▶ _RECORDED DATA_
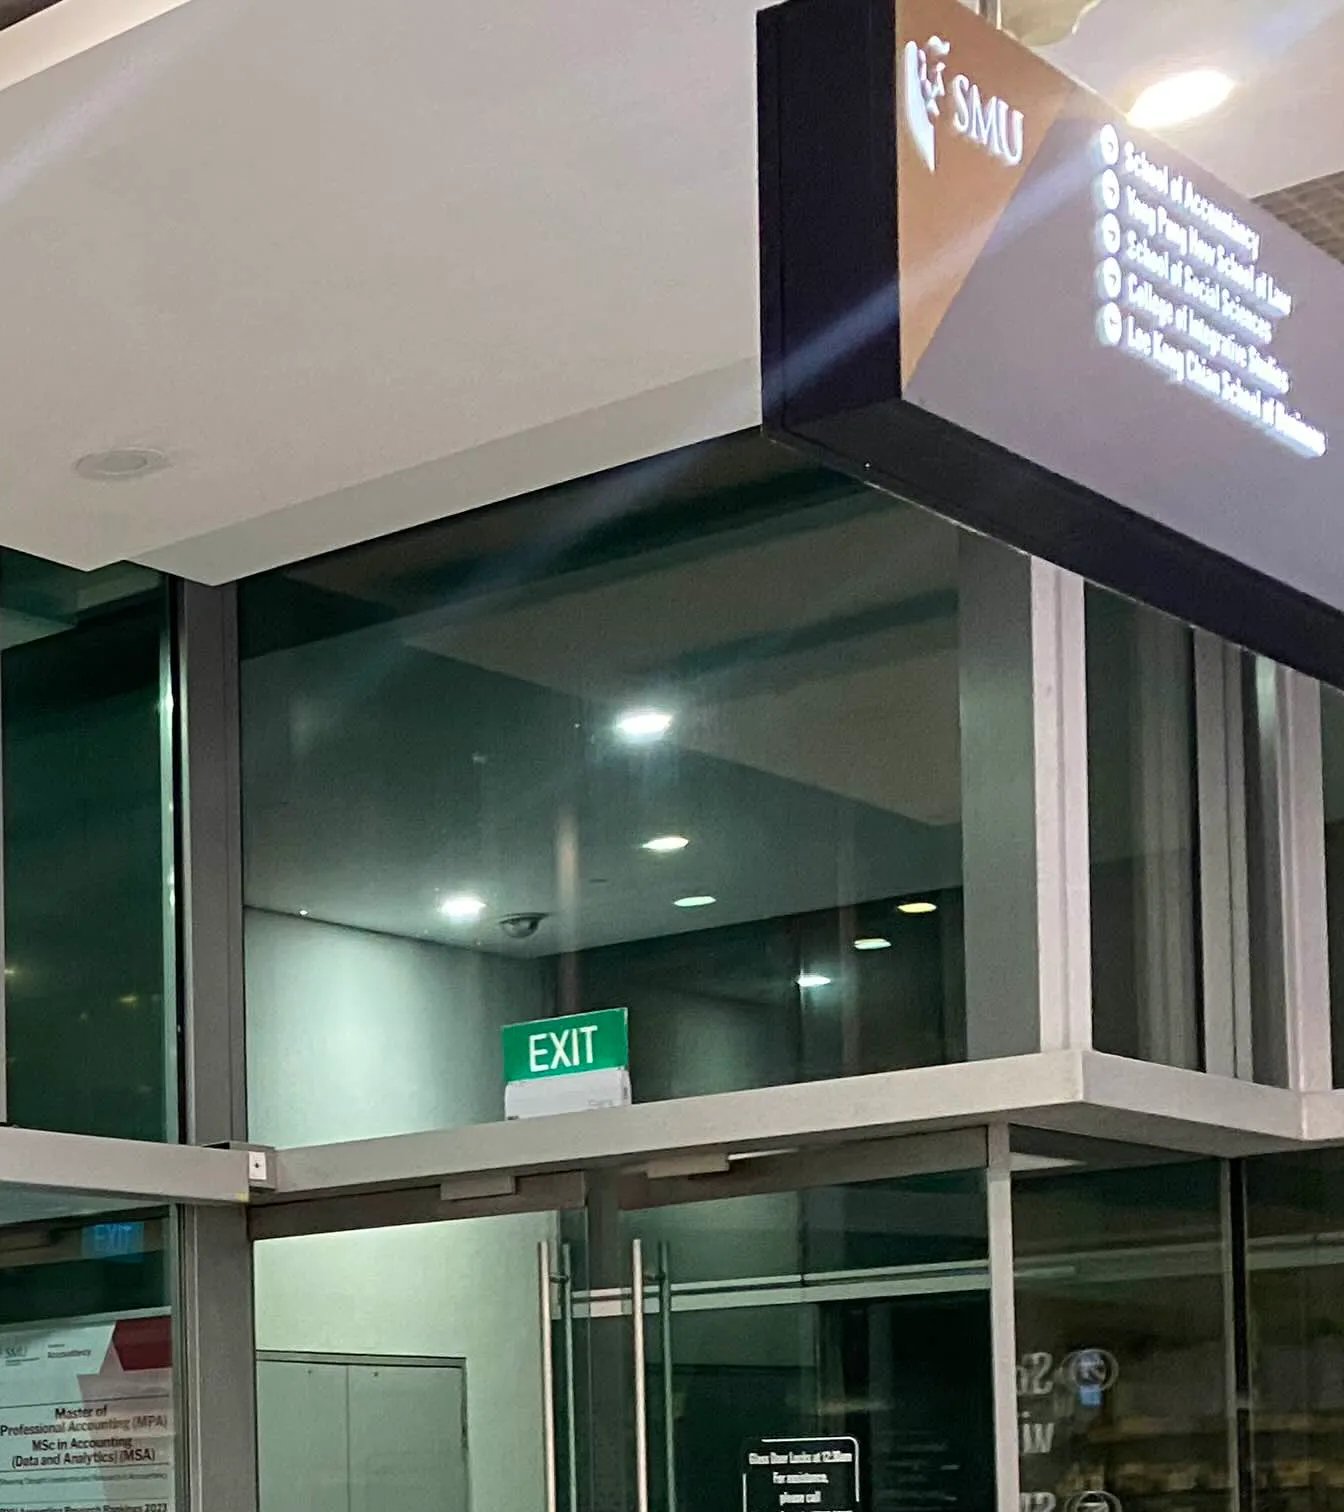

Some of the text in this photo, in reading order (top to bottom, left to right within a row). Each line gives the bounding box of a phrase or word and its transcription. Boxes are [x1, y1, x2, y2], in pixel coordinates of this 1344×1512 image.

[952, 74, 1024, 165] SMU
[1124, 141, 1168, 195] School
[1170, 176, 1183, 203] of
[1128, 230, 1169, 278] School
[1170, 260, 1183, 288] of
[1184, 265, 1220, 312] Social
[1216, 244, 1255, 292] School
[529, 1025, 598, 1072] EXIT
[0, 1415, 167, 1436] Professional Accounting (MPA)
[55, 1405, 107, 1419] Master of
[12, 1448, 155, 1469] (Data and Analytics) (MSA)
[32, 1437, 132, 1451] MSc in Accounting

▶ _EXERCISE INSTRUCTIONS_
Set the records down again precisely, skipping every image.

▶ _RESULT OF THE EXERCISE_
Some of the text in this photo, in reading order (top to bottom, left to right within a row). Each line gives the bounding box of a phrase or word and its transcription. Boxes are [x1, y1, x2, y2], in pixel coordinates of this 1344×1512 image.

[952, 74, 1024, 165] SMU
[1124, 141, 1168, 195] School
[1170, 176, 1183, 203] of
[1128, 230, 1169, 278] School
[1170, 260, 1183, 288] of
[1184, 265, 1220, 312] Social
[1216, 244, 1255, 292] School
[529, 1025, 598, 1072] EXIT
[0, 1415, 167, 1436] Professional Accounting (MPA)
[55, 1405, 107, 1419] Master of
[12, 1448, 155, 1469] (Data and Analytics) (MSA)
[32, 1437, 132, 1451] MSc in Accounting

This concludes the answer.